Chris Evans has announced he is leaving his role as a presenter on BBC Two’s Top Gear after one series.
He tweeted: “Stepping down from Top Gear. Gave it my best shot but sometimes that’s not enough.
“I feel like my standing aside is the single best thing I can now do to help the cause.”
His resignation comes after falling ratings for the show – which hit a series low on Sunday night, with an average of 1.9 million viewers.
BBC News understands the remaining five presenters – Matt LeBlanc, Rory Reid, Chris Harris, Sabine Schmitz and Eddie Jordan – will return for the next series, which is due to begin filming in September.
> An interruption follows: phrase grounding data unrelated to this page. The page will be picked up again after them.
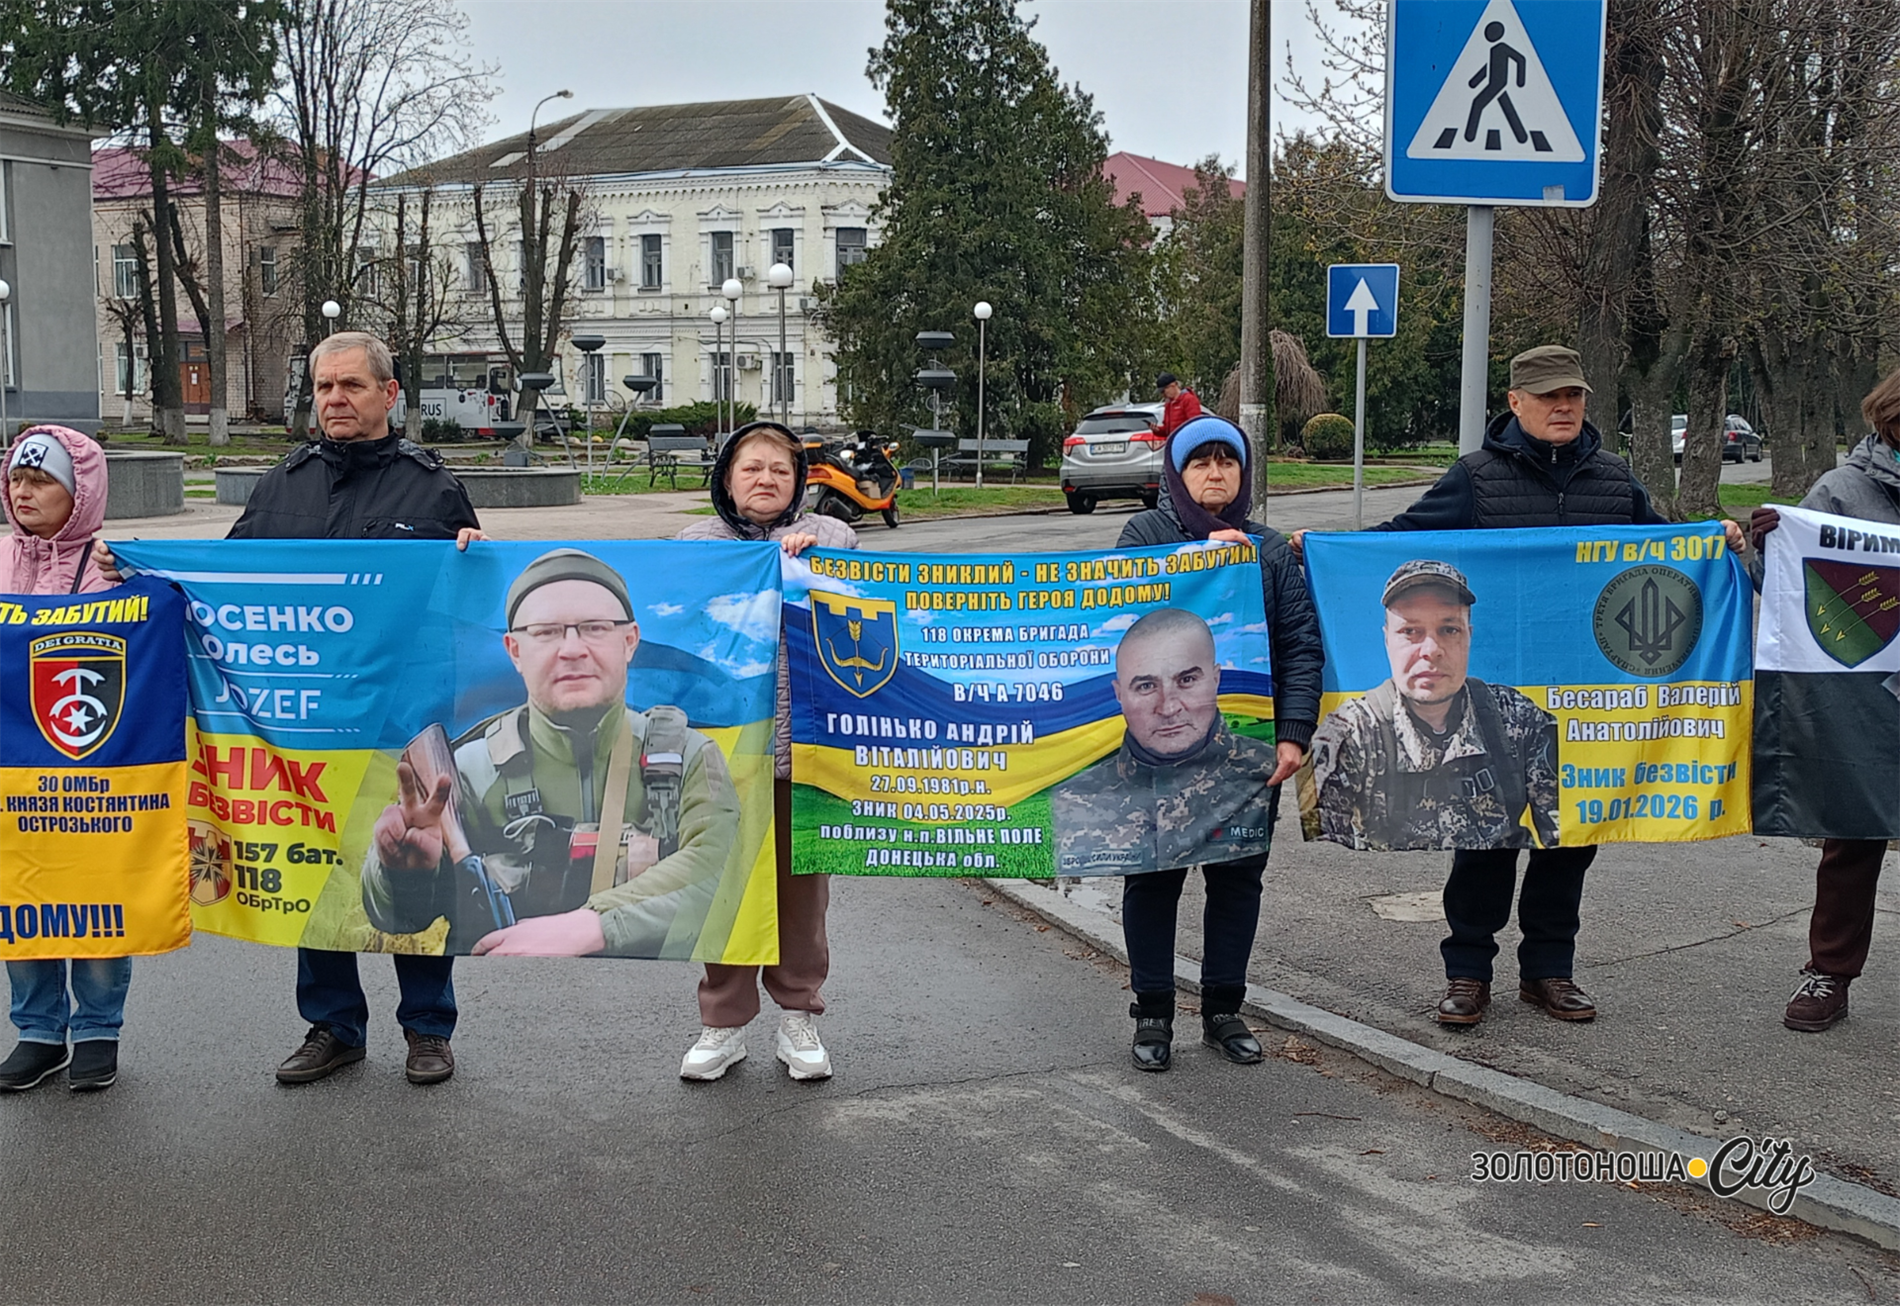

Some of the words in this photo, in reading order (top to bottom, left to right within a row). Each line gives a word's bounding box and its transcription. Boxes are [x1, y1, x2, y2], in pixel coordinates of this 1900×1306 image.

[1575, 540, 1619, 563] НГУ
[1623, 539, 1665, 562] в/ч
[1670, 535, 1726, 561] 3017
[810, 556, 911, 584] БЕЗВІСТИ
[917, 561, 1014, 584] ЗНИКЛИЙ
[1035, 563, 1060, 583] НЕ
[1066, 558, 1159, 582] ЗНАЧИТЬ
[1606, 568, 1649, 596] БРИГАДА
[31, 595, 149, 625] ЗАБУТИЙ!
[906, 591, 1012, 611] ПОВЕРНІТЬ
[1018, 590, 1074, 610] ГЕРОЯ
[1081, 583, 1170, 610] ДОДОМУ!
[186, 600, 354, 633] ОСЕНКО
[34, 638, 61, 652] DEI
[63, 636, 122, 650] GRATIA
[921, 627, 947, 642] 118
[953, 627, 1014, 642] ОКРЕМА
[1019, 624, 1089, 642] БРИГАДА
[202, 634, 320, 666] Олесь
[904, 651, 1034, 669] ТЕРИТОРІАЛЬНОЇ
[1038, 650, 1110, 668] ОБОРОНИ
[215, 674, 321, 719] JOZEF
[953, 684, 990, 702] В/Ч
[997, 684, 1009, 702] А
[1014, 683, 1063, 702] 7046
[1547, 686, 1648, 710] Бесараб
[1657, 682, 1741, 708] Валерій
[827, 713, 937, 739] ГОЛІНЬКО
[946, 720, 1034, 746] АНДРІЙ
[1566, 715, 1725, 742] Анатолійович
[855, 745, 1008, 770] ВІТАЛІЙОВИЧ
[38, 776, 58, 792] 30
[63, 777, 110, 794] ОМБр
[871, 775, 992, 796] 27.09.1981р.н.
[1561, 763, 1626, 789] Зник
[1634, 760, 1737, 785] безвісти
[6, 796, 59, 813] КНЯЗЯ
[63, 793, 170, 813] КОСТЯНТИНА
[187, 781, 337, 834] БЕЗВІСТИ
[852, 800, 898, 818] ЗНИК
[903, 803, 1012, 822] 04.05.2025р.
[1576, 794, 1698, 824] 19.01.2026
[1709, 799, 1726, 821] р.
[18, 816, 133, 833] ОСТРОЗЬКОГО
[820, 825, 898, 842] поблизу
[1001, 828, 1043, 844] ПОЛЕ
[1230, 826, 1265, 838] MEDIC
[234, 841, 279, 863] 157
[286, 842, 344, 865] бат.
[865, 849, 957, 868] ДОНЕЦЬКА
[963, 853, 1001, 868] обл.
[235, 864, 282, 894] 118
[236, 892, 311, 914] ОБрТрО
It is also believed Evans’s decision to leave was his alone, and that he told the BBC last week he was stepping down, saying he was not a good fit for the programme.
Analysis – Lizo Mzimba, entertainment correspondent
What next for Top Gear?
Top Gear is one of the BBC’s most important shows. It’s brought millions of viewers to the BBC, many of whom aren’t big users of other BBC services. And internationally it’s worth tens of millions of pounds to BBC Worldwide.
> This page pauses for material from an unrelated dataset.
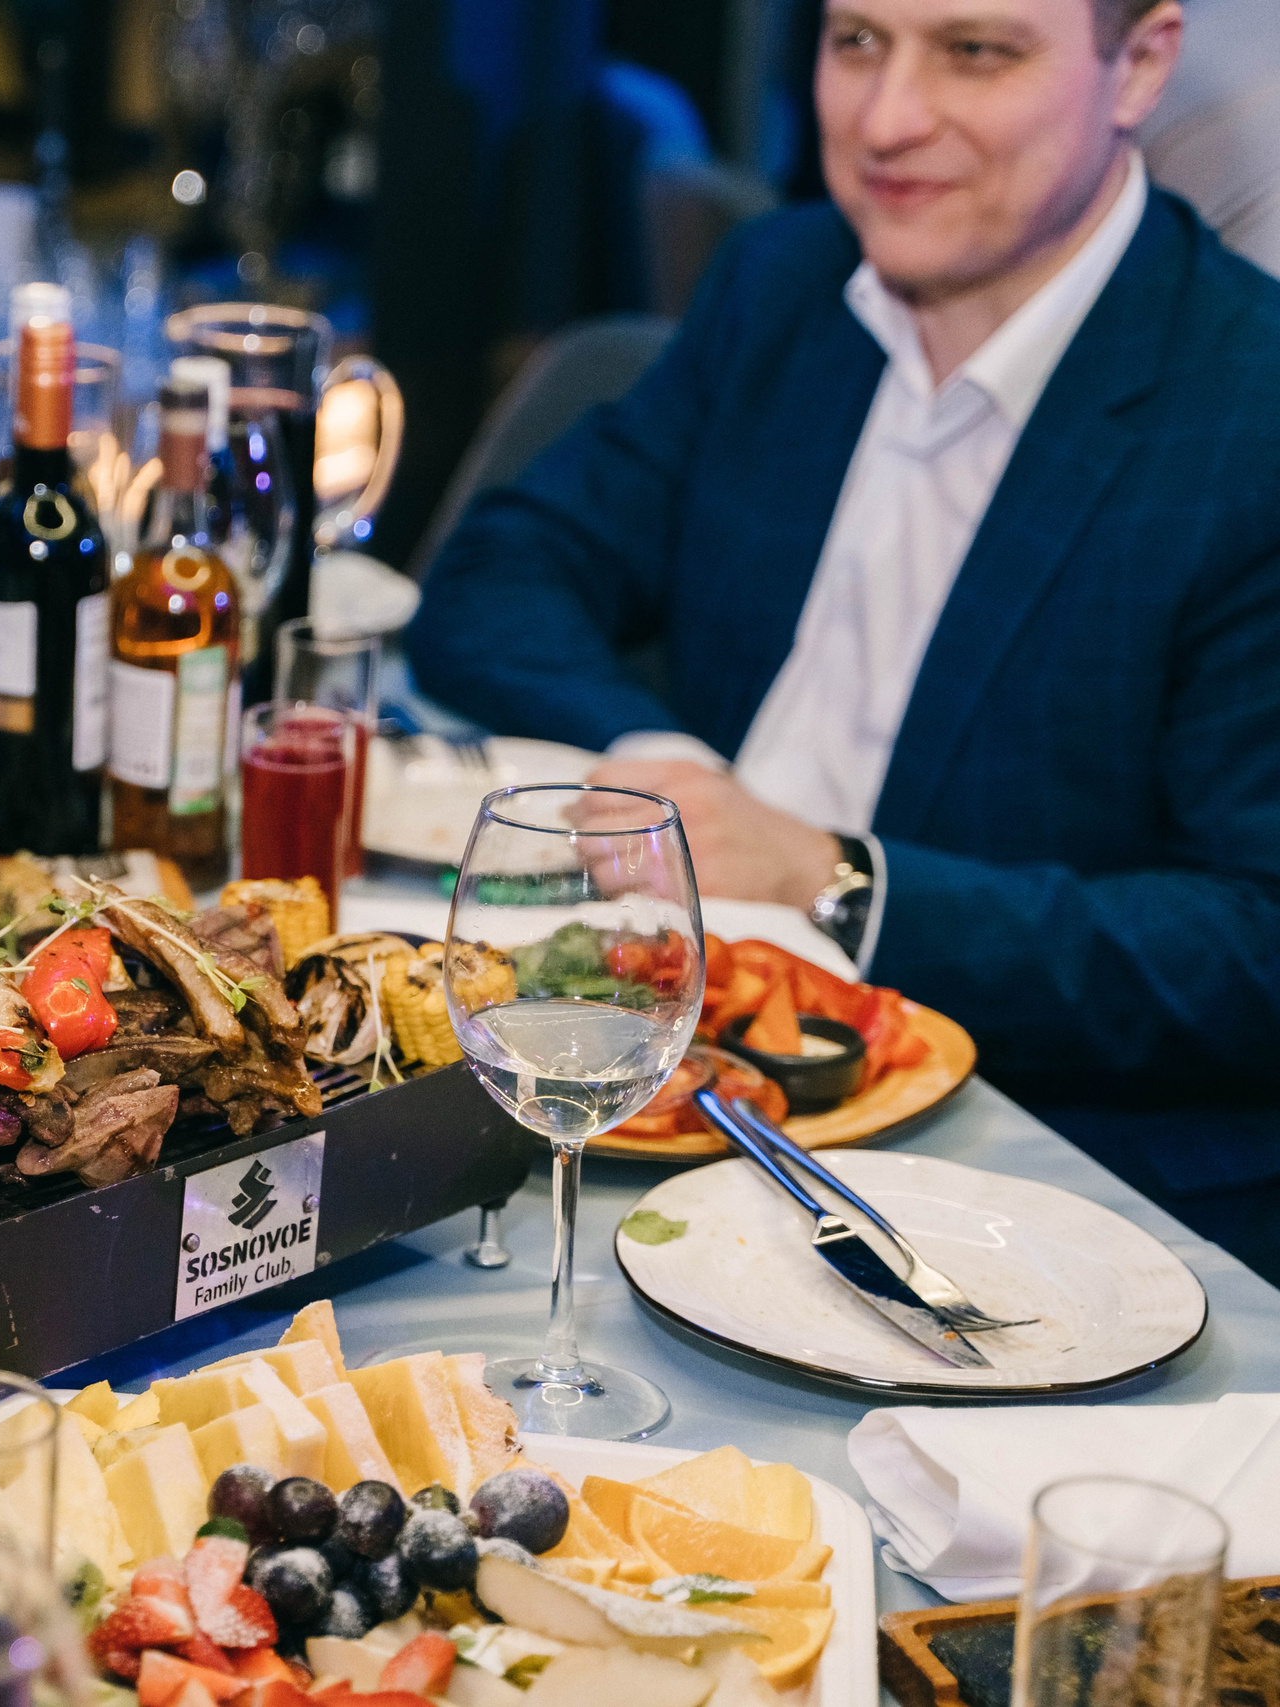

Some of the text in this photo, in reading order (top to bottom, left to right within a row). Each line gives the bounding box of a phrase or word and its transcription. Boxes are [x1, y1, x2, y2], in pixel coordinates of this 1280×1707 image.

[186, 1217, 312, 1283] SOSNOVOE
[194, 1257, 291, 1306] Family Club
While there’s been a significant fall in viewing figures, interest in and awareness of the programme remains high – the latest series with Chris Evans and Matt LeBlanc was sold to 130 territories outside the UK.
But crucially it doesn’t appear to have been able to recreate the relationship between the presenters that it enjoyed with Jeremy Clarkson, Richard Hammond and James May. The banter between the three was at least as important as the cars, and much of the audience feel that important element which made it more than a motoring show has been lost.
Few doubt the current presenting team’s knowledge and passion for cars, and it’s thought that the remaining members will be returning. When they do it’s likely many viewers will perhaps be looking for the relationship between them to be built on, in order to bring the show closer to what it has been in the past.
Evans joined Top Gear last June, after the departure of Jeremy Clarkson, Richard Hammond and James May.
Clarkson was dropped from the show after he punched a producer following a row about the provision of food late at night while filming on location.
Perry McCarthy, the original Top Gear Stig, told the BBC: “It’s sad for Chris but personally I was expecting such an announcement, I wasn’t expecting it this quickly but I did think that Chris would step down from it.
“Chris is an enormously popular radio presenter and TV show host but he hasn’t quite gelled with this show, he’s not really gelling with the viewers.
“It must be a little bit painful for him to receive this reaction from everybody and I don’t think he’d want to continue, I probably wouldn’t want to continue if I was getting constant criticism either,” added McCarthy.
Vassos Alexander, sports presenter on Evans’s Radio 2 show, said Evans had indicated on Monday morning that he was leaving.
“I know that he was massively honoured and privileged to work on Top Gear and that statement is not just a statement,” Alexander said.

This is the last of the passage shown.